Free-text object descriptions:
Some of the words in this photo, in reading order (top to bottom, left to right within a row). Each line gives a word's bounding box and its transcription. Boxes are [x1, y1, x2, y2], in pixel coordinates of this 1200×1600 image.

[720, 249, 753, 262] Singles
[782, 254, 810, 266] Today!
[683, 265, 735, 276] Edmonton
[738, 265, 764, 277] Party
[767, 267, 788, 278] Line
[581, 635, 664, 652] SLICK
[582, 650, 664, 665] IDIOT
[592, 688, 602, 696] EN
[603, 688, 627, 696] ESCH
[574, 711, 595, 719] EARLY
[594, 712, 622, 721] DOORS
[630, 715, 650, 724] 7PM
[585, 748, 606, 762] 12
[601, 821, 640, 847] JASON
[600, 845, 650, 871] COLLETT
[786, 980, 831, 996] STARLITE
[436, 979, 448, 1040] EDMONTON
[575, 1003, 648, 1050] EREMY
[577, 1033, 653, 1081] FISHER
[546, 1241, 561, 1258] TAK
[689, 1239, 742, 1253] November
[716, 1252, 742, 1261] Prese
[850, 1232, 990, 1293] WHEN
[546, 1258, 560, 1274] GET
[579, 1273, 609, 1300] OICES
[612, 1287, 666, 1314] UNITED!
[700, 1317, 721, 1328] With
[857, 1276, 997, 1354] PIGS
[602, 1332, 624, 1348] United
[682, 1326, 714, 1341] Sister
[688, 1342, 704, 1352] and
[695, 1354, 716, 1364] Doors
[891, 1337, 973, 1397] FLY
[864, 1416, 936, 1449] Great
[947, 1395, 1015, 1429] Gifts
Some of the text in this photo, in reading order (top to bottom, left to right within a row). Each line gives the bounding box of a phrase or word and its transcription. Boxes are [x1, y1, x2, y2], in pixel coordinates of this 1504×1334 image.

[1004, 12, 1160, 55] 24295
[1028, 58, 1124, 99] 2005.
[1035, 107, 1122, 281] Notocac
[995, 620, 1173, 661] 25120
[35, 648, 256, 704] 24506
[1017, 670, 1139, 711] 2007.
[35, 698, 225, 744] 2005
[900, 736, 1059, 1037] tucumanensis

(ASSIGNED TASK) Copy out the records above exactly.

(EXPECTED ANSWER)
Some of the words in this photo, in reading order (top to bottom, left to right within a row). Each line gives a word's bounding box and its transcription. Boxes are [x1, y1, x2, y2], in pixel coordinates of this 1200×1600 image.

[720, 249, 753, 262] Singles
[782, 254, 810, 266] Today!
[683, 265, 735, 276] Edmonton
[738, 265, 764, 277] Party
[767, 267, 788, 278] Line
[581, 635, 664, 652] SLICK
[582, 650, 664, 665] IDIOT
[592, 688, 602, 696] EN
[603, 688, 627, 696] ESCH
[574, 711, 595, 719] EARLY
[594, 712, 622, 721] DOORS
[630, 715, 650, 724] 7PM
[585, 748, 606, 762] 12
[601, 821, 640, 847] JASON
[600, 845, 650, 871] COLLETT
[786, 980, 831, 996] STARLITE
[436, 979, 448, 1040] EDMONTON
[575, 1003, 648, 1050] EREMY
[577, 1033, 653, 1081] FISHER
[546, 1241, 561, 1258] TAK
[689, 1239, 742, 1253] November
[716, 1252, 742, 1261] Prese
[850, 1232, 990, 1293] WHEN
[546, 1258, 560, 1274] GET
[579, 1273, 609, 1300] OICES
[612, 1287, 666, 1314] UNITED!
[700, 1317, 721, 1328] With
[857, 1276, 997, 1354] PIGS
[602, 1332, 624, 1348] United
[682, 1326, 714, 1341] Sister
[688, 1342, 704, 1352] and
[695, 1354, 716, 1364] Doors
[891, 1337, 973, 1397] FLY
[864, 1416, 936, 1449] Great
[947, 1395, 1015, 1429] Gifts
Some of the text in this photo, in reading order (top to bottom, left to right within a row). Each line gives the bounding box of a phrase or word and its transcription. Boxes are [x1, y1, x2, y2], in pixel coordinates of this 1504×1334 image.

[1004, 12, 1160, 55] 24295
[1028, 58, 1124, 99] 2005.
[1035, 107, 1122, 281] Notocac
[995, 620, 1173, 661] 25120
[35, 648, 256, 704] 24506
[1017, 670, 1139, 711] 2007.
[35, 698, 225, 744] 2005
[900, 736, 1059, 1037] tucumanensis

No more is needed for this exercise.